[EXERCISE DIRECTIONS]
Give every entry below again, exactly as written, and skip the images.

Images for object localization
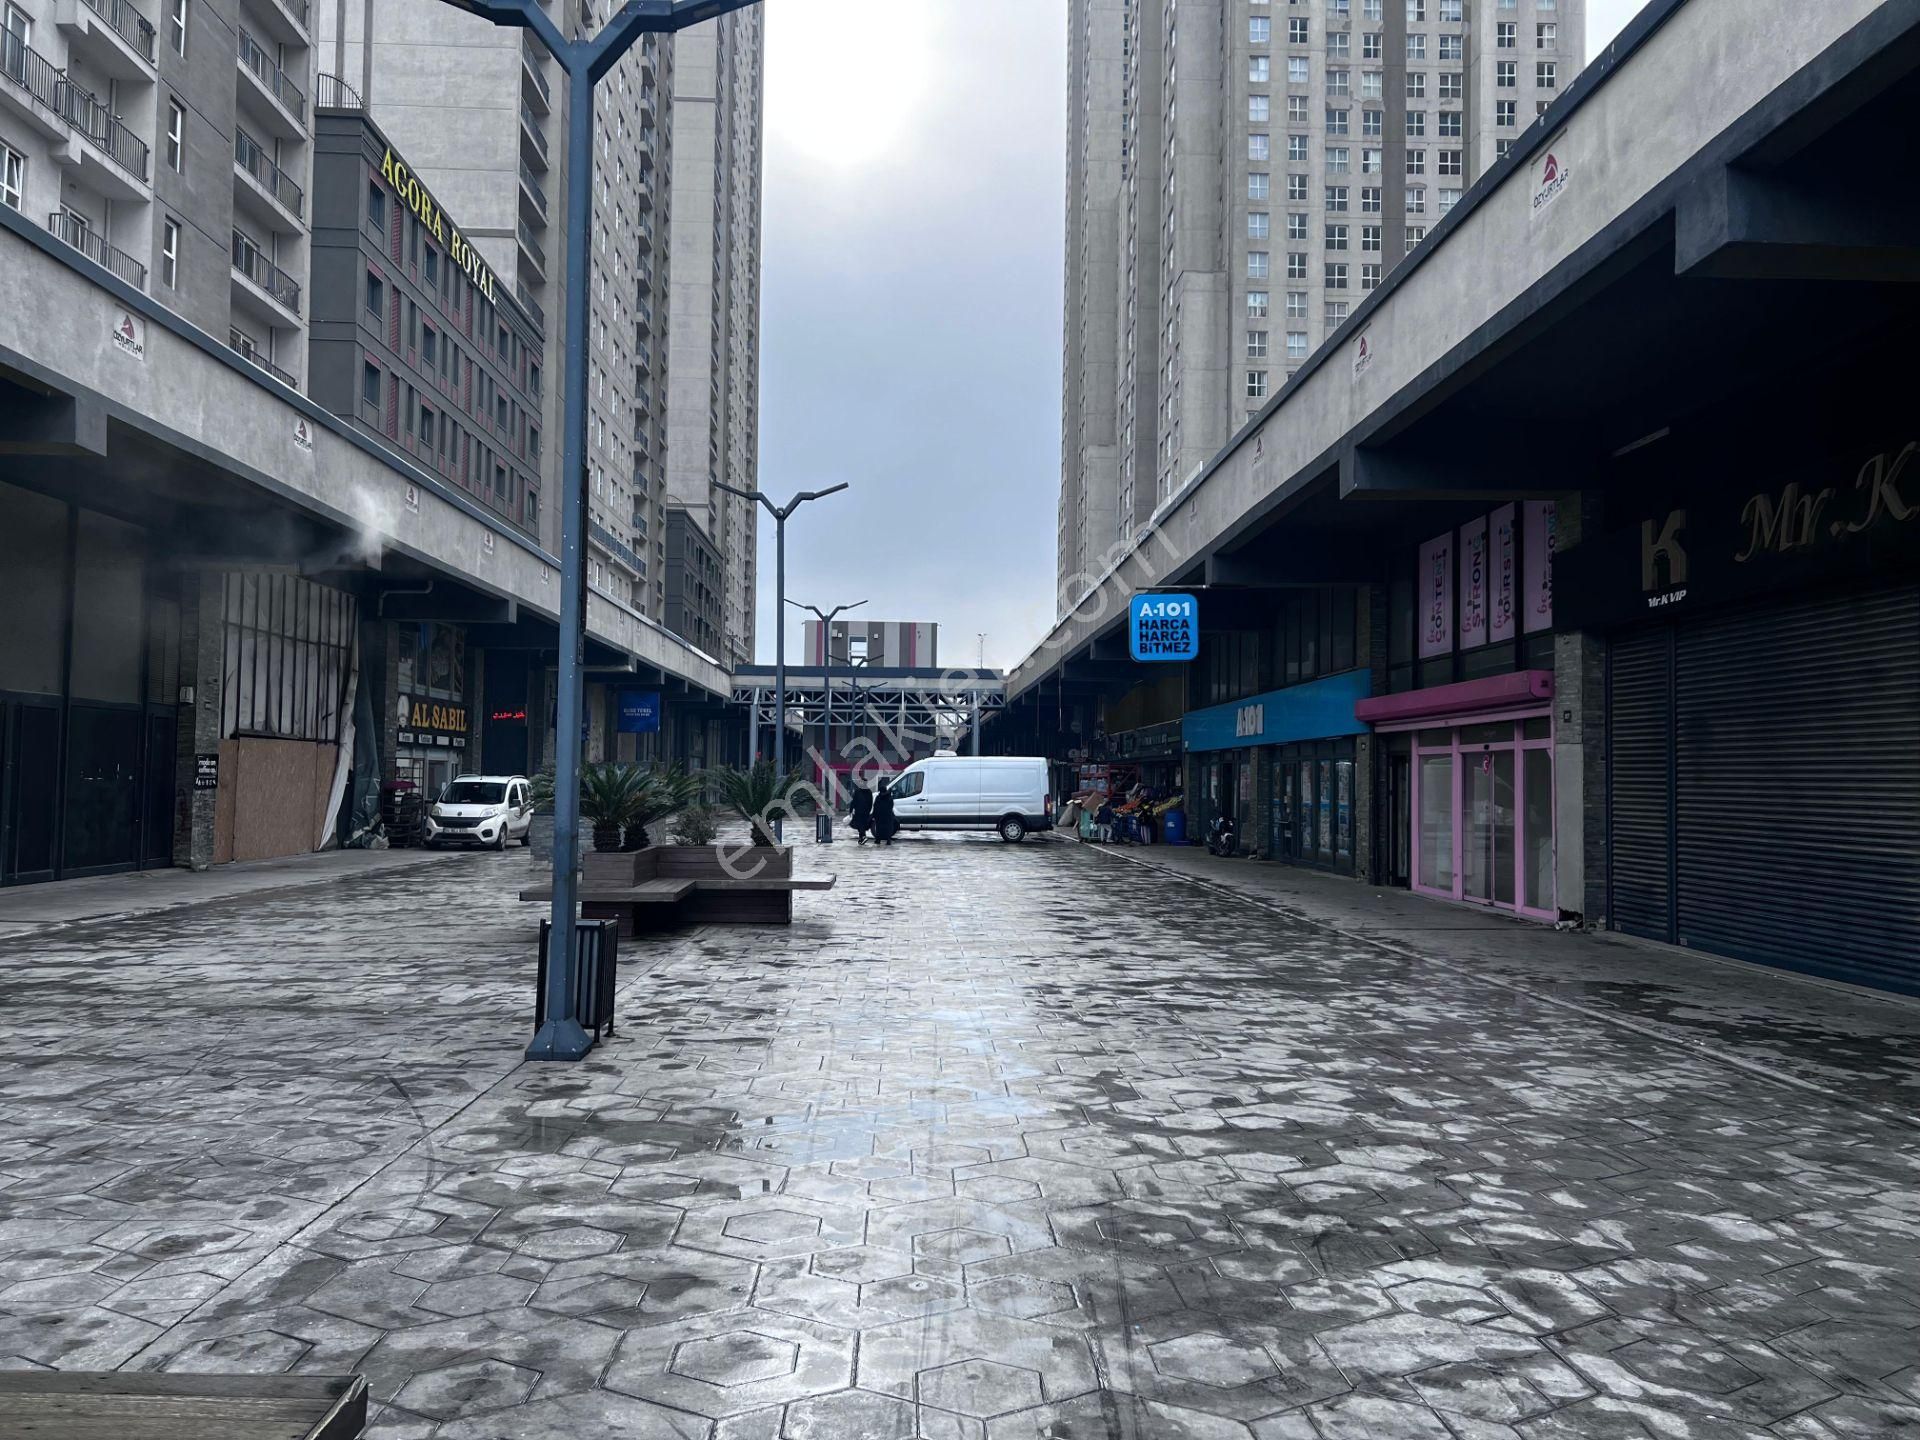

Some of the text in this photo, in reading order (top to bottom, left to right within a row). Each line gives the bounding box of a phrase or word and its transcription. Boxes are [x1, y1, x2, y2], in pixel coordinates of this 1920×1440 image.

[380, 148, 496, 305] AGORA ROYAL
[1434, 552, 1443, 643] CONTENT
[1473, 535, 1482, 628] STRONG
[1502, 524, 1511, 624] YOURSELF
[1669, 589, 1687, 603] VIP
[1139, 619, 1190, 630] HARCA
[1139, 631, 1190, 642] HARCA
[411, 702, 467, 732] AL SABIL

[EXERCISE ANSWER]
Some of the text in this photo, in reading order (top to bottom, left to right within a row). Each line gives the bounding box of a phrase or word and its transcription. Boxes are [x1, y1, x2, y2], in pixel coordinates of this 1920×1440 image.

[380, 148, 496, 305] AGORA ROYAL
[1434, 552, 1443, 643] CONTENT
[1473, 535, 1482, 628] STRONG
[1502, 524, 1511, 624] YOURSELF
[1669, 589, 1687, 603] VIP
[1139, 619, 1190, 630] HARCA
[1139, 631, 1190, 642] HARCA
[411, 702, 467, 732] AL SABIL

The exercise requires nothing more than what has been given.